NY Archdiocese Prays for Repose of Attempted Arsonist After Suicide
Marc Lamparello had tried to enter St. Patrick’s Cathedral in April 2019 with four gallons of gasoline, two cans of lighter fluid, and two lighters, but was stopped by security and then arrested.
NEW YORK, N.Y. — The Archdiocese of New York has offered prayer for the repose of the soul of Marc Lamparello, who committed suicide earlier this month.
Lamparello had tried to enter St. Patrick’s Cathedral in April 2019 with four gallons of gasoline, two cans of lighter fluid, and two lighters, but was stopped by security and then arrested. He was charged with attempted arson.
“Every suicide is a tragedy. We pray for the consolation of his family and loved ones, and entrust his soul to the infinite love and mercy of God. May he rest in peace,” Joseph Zwilling, director of communications for the New York archdiocese, told CNA.
After his early release from prison, Lamparello was unable to receive psychiatric treatment at a hospital in New Jersey because the coronavirus pandemic had disrupted the mental health system. The month without treatment was a critical time, his family said.
“The hospital dropped the ball tremendously,” said his mother Dolores Lamparello, according to the New York Post. “They did nothing. My son went a whole month without any treatment whatsoever. They cost my son his life.”
Donnalee Corrieri, a spokeswoman for Bergen New Bridge Medical Center, defended the hospital and the care it provided for Lamparello. She said the hospital followed protocol and emphasized the anxiety caused by the pandemic.
“The stress of something as significant as this pandemic will undoubtedly have far-reaching mental health impacts,” said Corrieri, according to the New York Times. “His interactions with our facility and the treatment we provided followed our protocols.”
A judge ordered Lamparello’s release from Rikers Island March 20 to help stop the spread of coronavirus in prisons. Prior to his three-month stint in jail, he was treated at a psychiatric hospital in upstate New York.

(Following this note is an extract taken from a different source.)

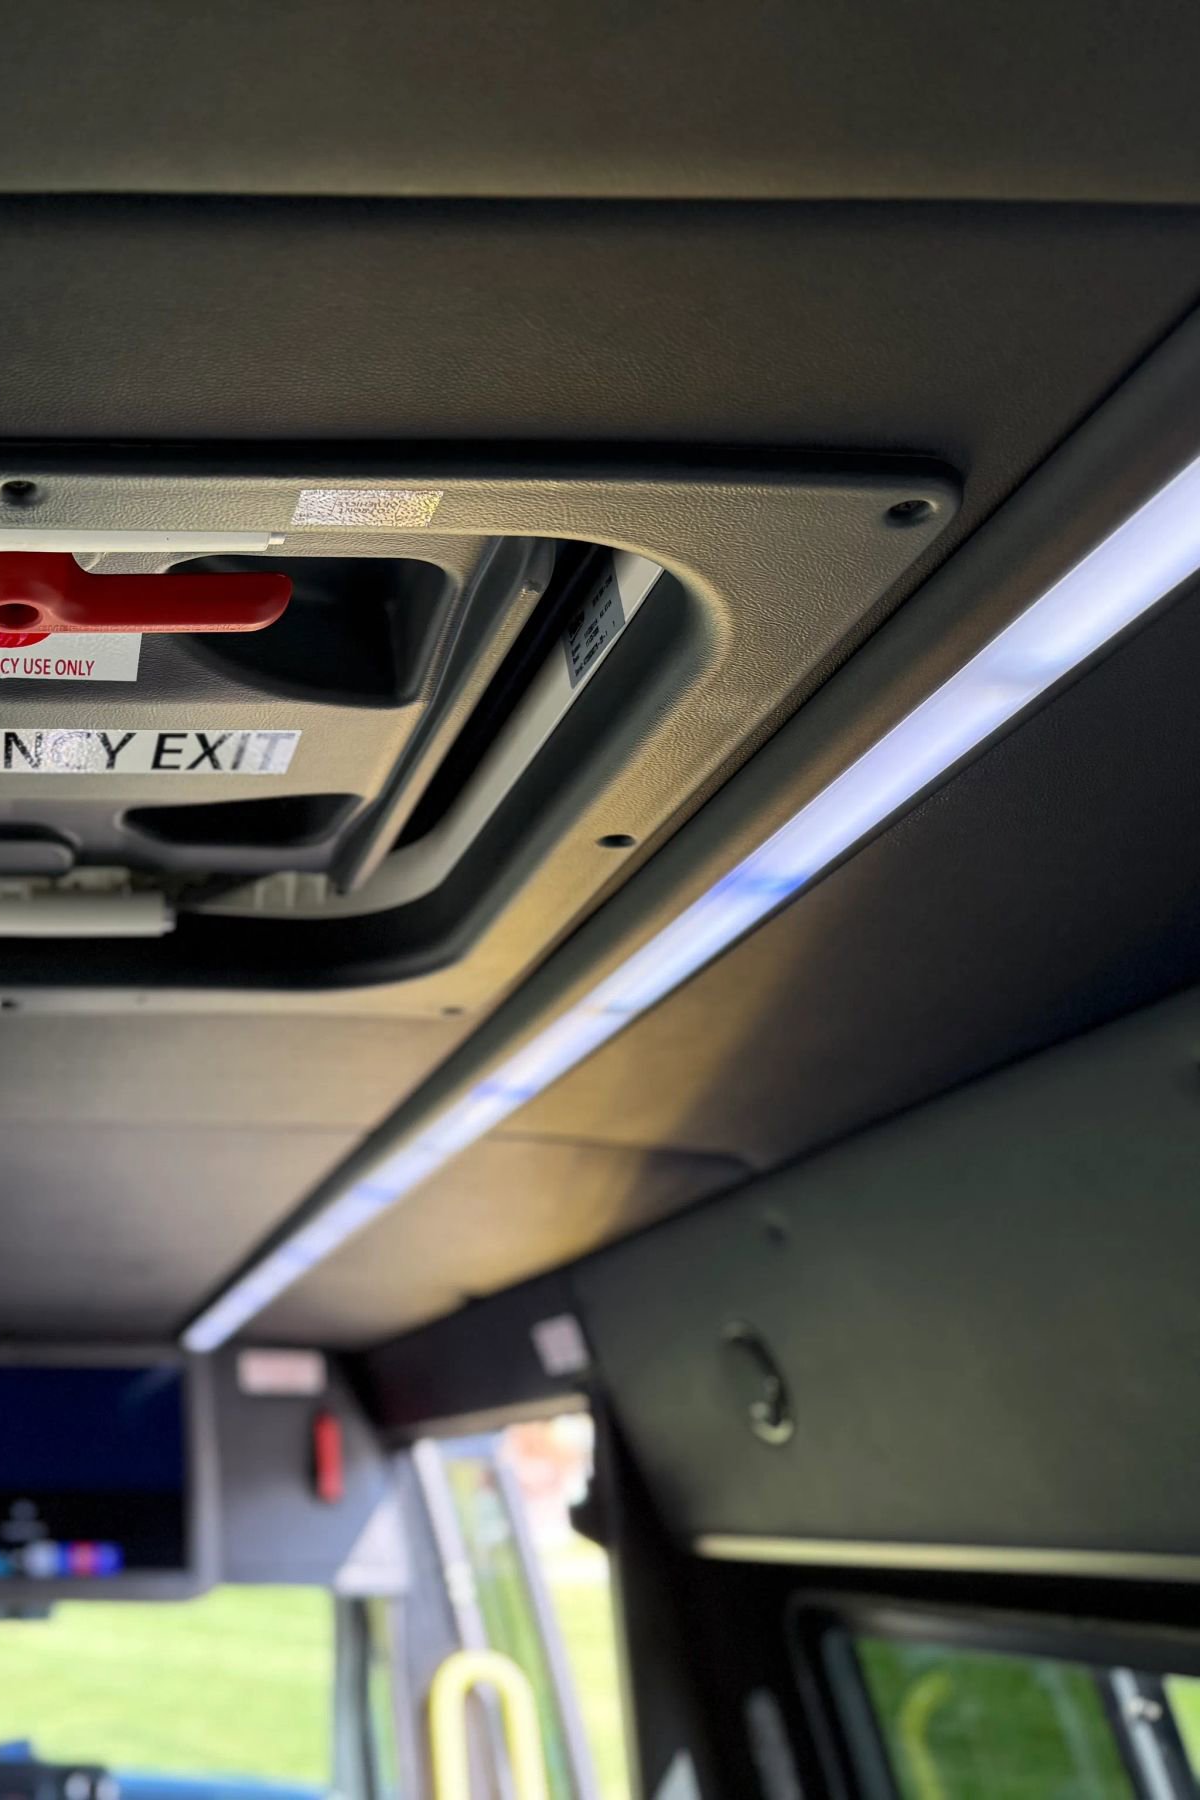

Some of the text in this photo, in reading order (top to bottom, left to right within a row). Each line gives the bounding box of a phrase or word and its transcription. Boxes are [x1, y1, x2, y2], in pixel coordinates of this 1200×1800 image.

Lamparello had been diagnosed with schizophrenia a month before his arrest and, following his release, was ordered to participate in an outpatient program at Bergen.
A week after his release, his mother dropped him off for his first daily outpatient session, which was expected to last about six hours. However, the hospital demanded that he quarantine for two weeks, and he came home two hours later.
“He was told he had to quarantine for two weeks and was later dropped as a patient without explanation,” she said, according to the New York Post.
His caseworker and family unsuccessfully attempted to reinstate Lamparello into the program. Even after he completed quarantine April 9, the hospital again rejected him without explanation.
Dolores said her son was distraught from the lack of structure. “Mom, I need structure,” he told her, according to the mom, the New York Post reported. “I can’t do nothing.”
After he was rejected the second time, Lamparello was caught trying to jump off the George Washington Bridge, when he was stopped by the police. He was then taken to Bergen, where he was committed to a psychiatric ward for four days and the dosage to his antipsychotic medication was lowered.
He jumped off the Verrazzano-Narrows Bridge April 17, and his corpse was found that afternoon in New York Harbor.
He had been reinstated into the outpatient program, with telepsychology sessions scheduled to begin April 20 through Zoom. However, according to this family, it was too late and three weeks without mental care was detrimental to his condition.
“He was failed,” said Lee Nelms, Lamparello’s sister, according to the New York Times. “My brother was a victim not only of his mental illness but also the mental health system.”